Exercise directions: Restate the last part of the records below word for word, beginning at the line with "this 1320×1760 image." and ending at the final line.

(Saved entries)
Start of Block

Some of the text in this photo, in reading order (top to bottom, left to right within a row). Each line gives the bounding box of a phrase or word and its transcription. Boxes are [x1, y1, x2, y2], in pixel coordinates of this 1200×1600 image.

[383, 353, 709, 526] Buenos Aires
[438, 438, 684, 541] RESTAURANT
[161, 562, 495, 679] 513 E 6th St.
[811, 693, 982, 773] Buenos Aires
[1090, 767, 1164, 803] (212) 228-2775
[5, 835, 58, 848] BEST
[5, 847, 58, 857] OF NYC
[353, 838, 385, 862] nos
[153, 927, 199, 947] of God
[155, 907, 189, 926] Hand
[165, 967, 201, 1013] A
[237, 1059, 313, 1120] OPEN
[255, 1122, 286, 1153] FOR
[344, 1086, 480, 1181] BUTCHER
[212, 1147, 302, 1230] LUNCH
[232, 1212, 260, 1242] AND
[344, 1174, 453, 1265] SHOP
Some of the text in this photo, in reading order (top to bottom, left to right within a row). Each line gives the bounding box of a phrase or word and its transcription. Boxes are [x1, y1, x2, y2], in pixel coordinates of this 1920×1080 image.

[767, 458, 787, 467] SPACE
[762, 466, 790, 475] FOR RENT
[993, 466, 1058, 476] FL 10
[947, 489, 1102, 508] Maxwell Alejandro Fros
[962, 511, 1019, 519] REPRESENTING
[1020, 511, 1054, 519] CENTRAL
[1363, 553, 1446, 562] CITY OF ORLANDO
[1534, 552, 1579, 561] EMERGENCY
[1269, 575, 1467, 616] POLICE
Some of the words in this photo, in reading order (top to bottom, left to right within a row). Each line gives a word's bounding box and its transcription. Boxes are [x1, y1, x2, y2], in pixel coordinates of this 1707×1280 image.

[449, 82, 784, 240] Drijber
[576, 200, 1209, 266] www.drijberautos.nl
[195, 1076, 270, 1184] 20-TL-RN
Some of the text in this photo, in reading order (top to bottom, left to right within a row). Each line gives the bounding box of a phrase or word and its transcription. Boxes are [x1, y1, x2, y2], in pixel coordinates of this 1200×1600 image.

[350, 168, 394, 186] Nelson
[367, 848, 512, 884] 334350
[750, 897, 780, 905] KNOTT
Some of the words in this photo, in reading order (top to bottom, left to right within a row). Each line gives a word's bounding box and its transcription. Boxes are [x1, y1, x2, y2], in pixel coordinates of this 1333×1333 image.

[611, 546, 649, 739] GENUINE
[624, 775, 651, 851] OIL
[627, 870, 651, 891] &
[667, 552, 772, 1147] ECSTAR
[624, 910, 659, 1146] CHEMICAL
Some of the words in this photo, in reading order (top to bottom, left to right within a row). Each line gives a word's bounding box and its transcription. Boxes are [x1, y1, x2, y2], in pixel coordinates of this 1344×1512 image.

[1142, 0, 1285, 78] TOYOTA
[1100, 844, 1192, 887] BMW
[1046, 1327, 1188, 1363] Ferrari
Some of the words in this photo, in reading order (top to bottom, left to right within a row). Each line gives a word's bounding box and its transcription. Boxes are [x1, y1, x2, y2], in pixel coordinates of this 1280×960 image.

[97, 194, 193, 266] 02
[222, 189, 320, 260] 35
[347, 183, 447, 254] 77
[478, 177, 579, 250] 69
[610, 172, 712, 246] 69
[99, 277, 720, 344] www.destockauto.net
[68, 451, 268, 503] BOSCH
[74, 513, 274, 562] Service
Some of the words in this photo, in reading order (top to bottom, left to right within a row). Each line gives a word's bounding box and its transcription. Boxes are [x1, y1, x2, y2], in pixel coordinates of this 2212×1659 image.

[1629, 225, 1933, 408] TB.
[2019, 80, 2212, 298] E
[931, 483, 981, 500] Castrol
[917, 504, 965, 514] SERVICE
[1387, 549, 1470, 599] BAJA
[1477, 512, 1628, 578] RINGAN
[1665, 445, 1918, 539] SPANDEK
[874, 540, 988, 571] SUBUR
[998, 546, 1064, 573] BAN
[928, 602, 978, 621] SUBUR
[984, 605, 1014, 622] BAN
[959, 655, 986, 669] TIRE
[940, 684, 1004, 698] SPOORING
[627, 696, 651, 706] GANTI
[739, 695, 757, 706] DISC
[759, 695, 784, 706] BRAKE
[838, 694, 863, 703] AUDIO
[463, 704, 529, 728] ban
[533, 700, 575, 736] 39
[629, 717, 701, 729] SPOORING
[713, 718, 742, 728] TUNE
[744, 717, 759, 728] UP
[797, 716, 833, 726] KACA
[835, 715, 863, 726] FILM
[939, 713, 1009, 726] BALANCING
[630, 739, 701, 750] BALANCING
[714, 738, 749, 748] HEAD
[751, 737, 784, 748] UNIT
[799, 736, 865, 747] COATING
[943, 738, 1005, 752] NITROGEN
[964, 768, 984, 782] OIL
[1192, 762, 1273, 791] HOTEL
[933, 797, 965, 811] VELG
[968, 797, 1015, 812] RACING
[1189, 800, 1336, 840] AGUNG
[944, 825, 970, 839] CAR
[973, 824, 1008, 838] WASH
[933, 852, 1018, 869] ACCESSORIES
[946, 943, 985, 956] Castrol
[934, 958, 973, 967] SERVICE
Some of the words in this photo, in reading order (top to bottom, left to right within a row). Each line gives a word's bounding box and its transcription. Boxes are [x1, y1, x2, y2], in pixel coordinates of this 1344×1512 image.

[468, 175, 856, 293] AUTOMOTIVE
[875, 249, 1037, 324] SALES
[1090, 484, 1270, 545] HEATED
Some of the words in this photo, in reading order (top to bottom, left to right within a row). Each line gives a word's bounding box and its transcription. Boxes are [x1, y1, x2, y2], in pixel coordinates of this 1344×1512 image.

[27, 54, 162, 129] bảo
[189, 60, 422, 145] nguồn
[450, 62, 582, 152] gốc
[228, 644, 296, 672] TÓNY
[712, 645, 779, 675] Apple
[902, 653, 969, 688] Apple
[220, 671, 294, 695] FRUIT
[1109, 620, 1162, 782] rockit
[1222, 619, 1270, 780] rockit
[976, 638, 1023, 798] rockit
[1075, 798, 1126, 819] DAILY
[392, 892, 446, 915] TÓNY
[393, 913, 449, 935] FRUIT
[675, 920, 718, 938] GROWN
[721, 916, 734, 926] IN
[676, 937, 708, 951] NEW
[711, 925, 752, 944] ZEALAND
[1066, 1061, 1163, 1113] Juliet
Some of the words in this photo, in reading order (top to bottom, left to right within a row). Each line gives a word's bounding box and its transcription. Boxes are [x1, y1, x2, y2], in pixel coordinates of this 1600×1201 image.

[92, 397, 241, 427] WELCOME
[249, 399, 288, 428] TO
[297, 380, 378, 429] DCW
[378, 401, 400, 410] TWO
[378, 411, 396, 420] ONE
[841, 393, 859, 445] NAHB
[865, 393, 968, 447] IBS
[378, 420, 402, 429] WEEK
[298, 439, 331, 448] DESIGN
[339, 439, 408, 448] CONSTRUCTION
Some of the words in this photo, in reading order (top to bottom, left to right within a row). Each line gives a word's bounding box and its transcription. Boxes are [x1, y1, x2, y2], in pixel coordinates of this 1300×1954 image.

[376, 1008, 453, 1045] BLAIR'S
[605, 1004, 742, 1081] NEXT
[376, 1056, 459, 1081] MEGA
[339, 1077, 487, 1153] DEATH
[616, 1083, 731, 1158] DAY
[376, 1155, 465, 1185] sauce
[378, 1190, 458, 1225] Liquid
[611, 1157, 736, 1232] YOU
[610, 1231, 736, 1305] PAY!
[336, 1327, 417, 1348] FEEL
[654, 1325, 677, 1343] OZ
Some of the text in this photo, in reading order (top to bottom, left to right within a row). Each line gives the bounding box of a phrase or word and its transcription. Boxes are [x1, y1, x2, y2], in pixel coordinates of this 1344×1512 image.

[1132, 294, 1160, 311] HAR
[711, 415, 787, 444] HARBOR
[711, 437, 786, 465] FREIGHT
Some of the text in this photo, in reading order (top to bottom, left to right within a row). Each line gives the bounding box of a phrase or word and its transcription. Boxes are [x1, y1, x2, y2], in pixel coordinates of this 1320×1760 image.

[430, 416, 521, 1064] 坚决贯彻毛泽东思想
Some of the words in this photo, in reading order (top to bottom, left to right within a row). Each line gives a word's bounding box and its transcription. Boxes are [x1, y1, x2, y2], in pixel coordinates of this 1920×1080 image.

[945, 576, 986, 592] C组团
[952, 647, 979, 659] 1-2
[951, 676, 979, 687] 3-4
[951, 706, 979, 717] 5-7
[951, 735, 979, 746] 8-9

End of Block

Output of the exercise:
Some of the text in this photo, in reading order (top to bottom, left to right within a row). Each line gives the bounding box of a phrase or word and its transcription. Boxes are [x1, y1, x2, y2], in pixel coordinates of this 1320×1760 image.

[430, 416, 521, 1064] 坚决贯彻毛泽东思想
Some of the words in this photo, in reading order (top to bottom, left to right within a row). Each line gives a word's bounding box and its transcription. Boxes are [x1, y1, x2, y2], in pixel coordinates of this 1920×1080 image.

[945, 576, 986, 592] C组团
[952, 647, 979, 659] 1-2
[951, 676, 979, 687] 3-4
[951, 706, 979, 717] 5-7
[951, 735, 979, 746] 8-9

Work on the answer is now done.